As diferentes características da nossa resposta imunológica de acordo com a idade indicam que devemos apostar em ter várias vacinas contra o Sars-CoV-2, não uma só.
A resposta imunológica contra o vírus consiste em uma série de eventos em cascata que vão escalonando se o organismo não é capaz de controlar a infecção rapidamente.
Primeiro, se mobiliza o sistema imune inato, cujos representantes majoritários são os macrófagos, que desenvolvem o mesmo tipo de resposta independentemente do agente infecioso.
Se não é suficiente para acabar com o agente patogênico, ele mobiliza o sistema imune adaptativo ou adquirido, que é muito mais sofisticado e dependente do tipo de bactéria ou vírus. Os protagonistas da resposta imunológica adaptativa são os linfócitos, capazes de gerar anticorpos e memória imunológica.
Uma vez que a pessoa tenha passado por uma infecção, em seu corpo ficam aproximadamente 100 linfócitos de memória, que rodarão pelo sangue e órgãos, desencadeando imediatamente uma resposta imunológica específica se a pessoa volta a ser atacada pelo mesmo agente patológico.
Essas células de memória vão morrendo com a idade, mais aceleradamente se a pessoa está submetida a estresse ou doenças crônicas.
No meio caminho entre a imunidade inata e a adquirida se encontram dois tipos de células imunes: as gama delta (γδ) e as exterminadoras naturais (NK, na sigla em inglês).
Essas células, ainda que não-específicas e capazes de responder a qualquer agente agressivo, podem desenvolver memória a respeito dos agentes patogênicos aos quais atacaram.
Os macrófagos, γδ e NK, não reconhecem uma proteína específica do agente patogênico, mas sim padrões moleculares de dano ou estresse celular.
No contrário, os linfócitos respondem a uma determinada proteína do agente patogênico.
Nos seres humanos existe uma preponderância do sistema imune inato das crianças (que ainda não desenvolveram a imunidade adaptativa) e os idosos (nos quais este está se “extinguindo”).

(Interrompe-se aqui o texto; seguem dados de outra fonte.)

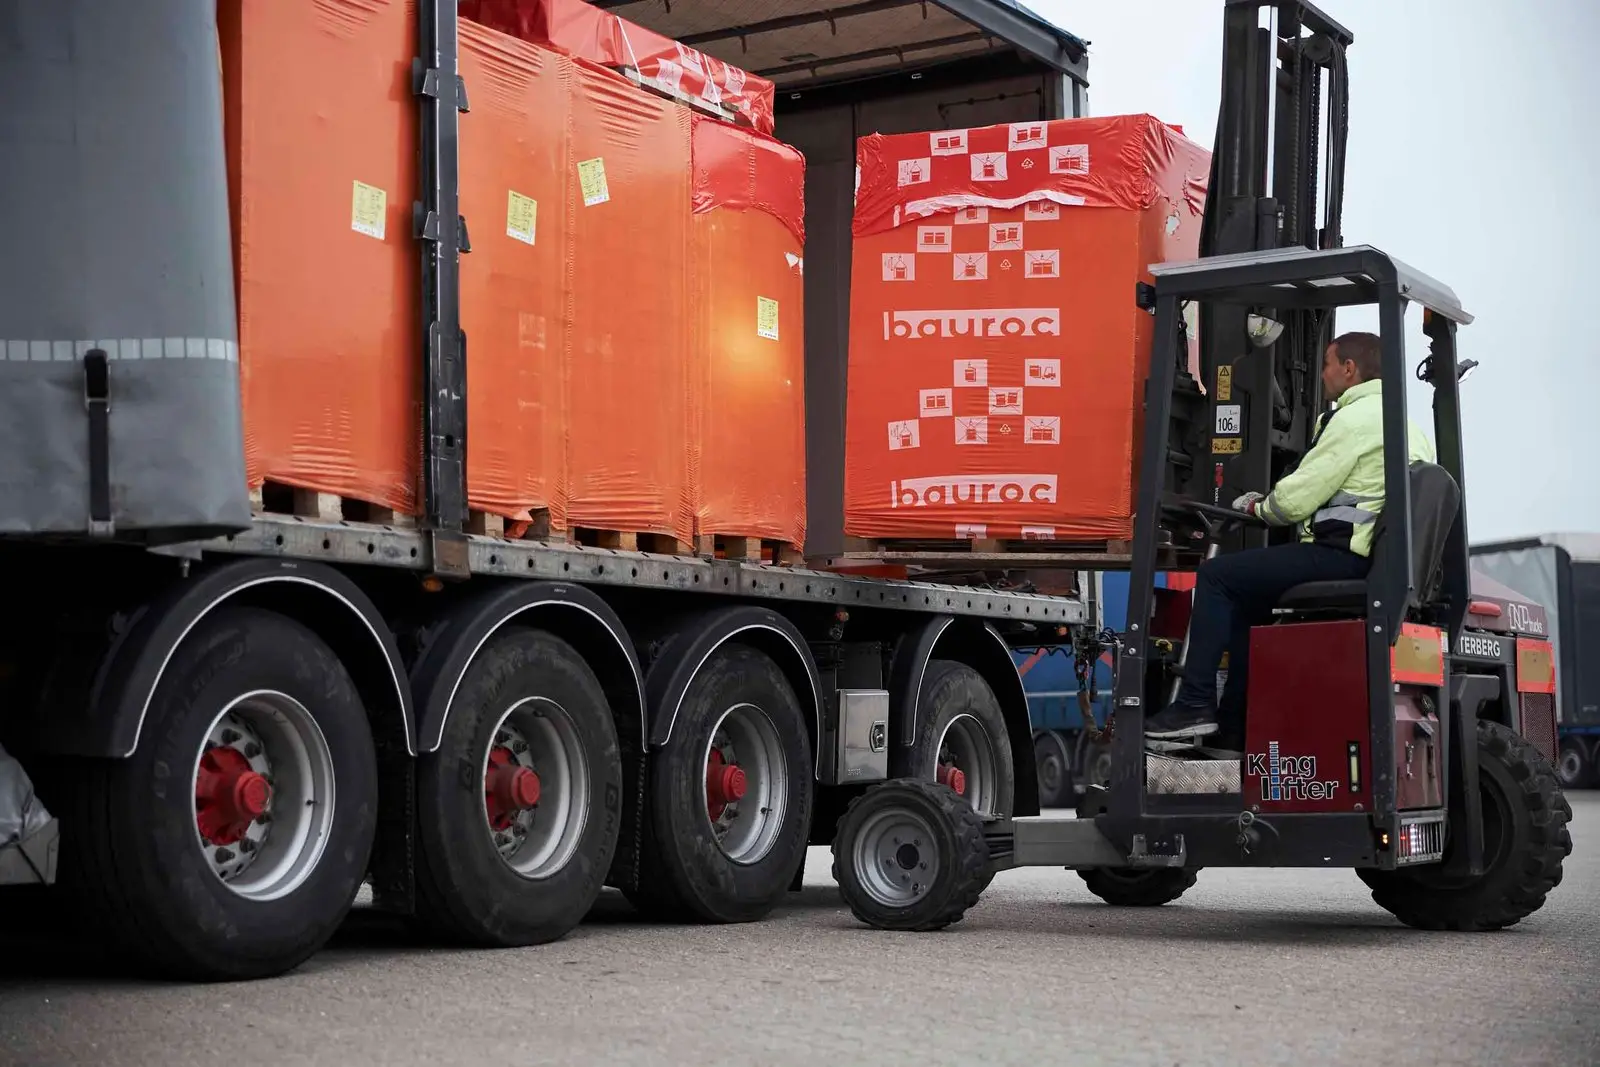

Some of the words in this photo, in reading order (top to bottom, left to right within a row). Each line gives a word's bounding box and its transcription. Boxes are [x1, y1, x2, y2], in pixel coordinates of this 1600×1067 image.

Neste aspecto, uma vacina desenvolvida contra uma proteína concreta de um vírus deveria gerar uma resposta imune mais robusta entre jovens e adultos, enquanto que uma vacina contra o vírus completo poderia ser mais eficaz em crianças e idosos.
Melhor contribuir do que competir
Até 16 de junho de 2020, o portfólio de vacinas em desenvolvimento contra a covid-19 era de 163, todas em estágios diferentes de desenvolvimento.
Neste momento, dez vacinas estão sendo testadas em fases clínicas.
Os requerimentos de cada uma das fases (vide infográfico abaixo) garantem a eficácia e a segurança das candidatas e se elas se encontram reguladas por normas da Agência Europeia de Medicamentos (EMA, na sigla em inglês), da Organização Mundial da Saúde (OMS) e da Administração de Medicamentos e Alimentos dos Estados Unidos (FDA, na sigla em inglês).
Uma das mais avançadas é a de Moderna, baseada no RNA mensageiro que produz a proteína spike (S) do Sars-CoV-2, responsável pela entrada nas nossas células mediante a união com o receptor ACE-2 (enzima conversora de antiotensina 2).
Outra das vacinas é a desenvolvida pela Universidade Oxford, ChAdOx1 nCoV-19. Esta vacina utiliza uma versão atenuada de um vírus que não é danoso ao ser humano mas que causa infecções em chimpanzés, e foi modificada geneticamente para produzir a proteína S do coronavírus.
A Cansino Biological está desenvolvendo uma vacina parecida com a anterior, AD5-nCoV, que utiliza um vírus não replicante que causa um resfriado comum. Esse vetor transporta o gene da proteína S da superfície do coronavírus, com a qual se tenta provocar uma resposta imunológica para combater a infecção.
Por último, a Sinovac Biotech está desenvolvendo a vacina PiCoVacc, que utiliza o vírus Sars-CoV-2 inativado quimicamente.
Por que precisamos de um ‘pódio compartilhado’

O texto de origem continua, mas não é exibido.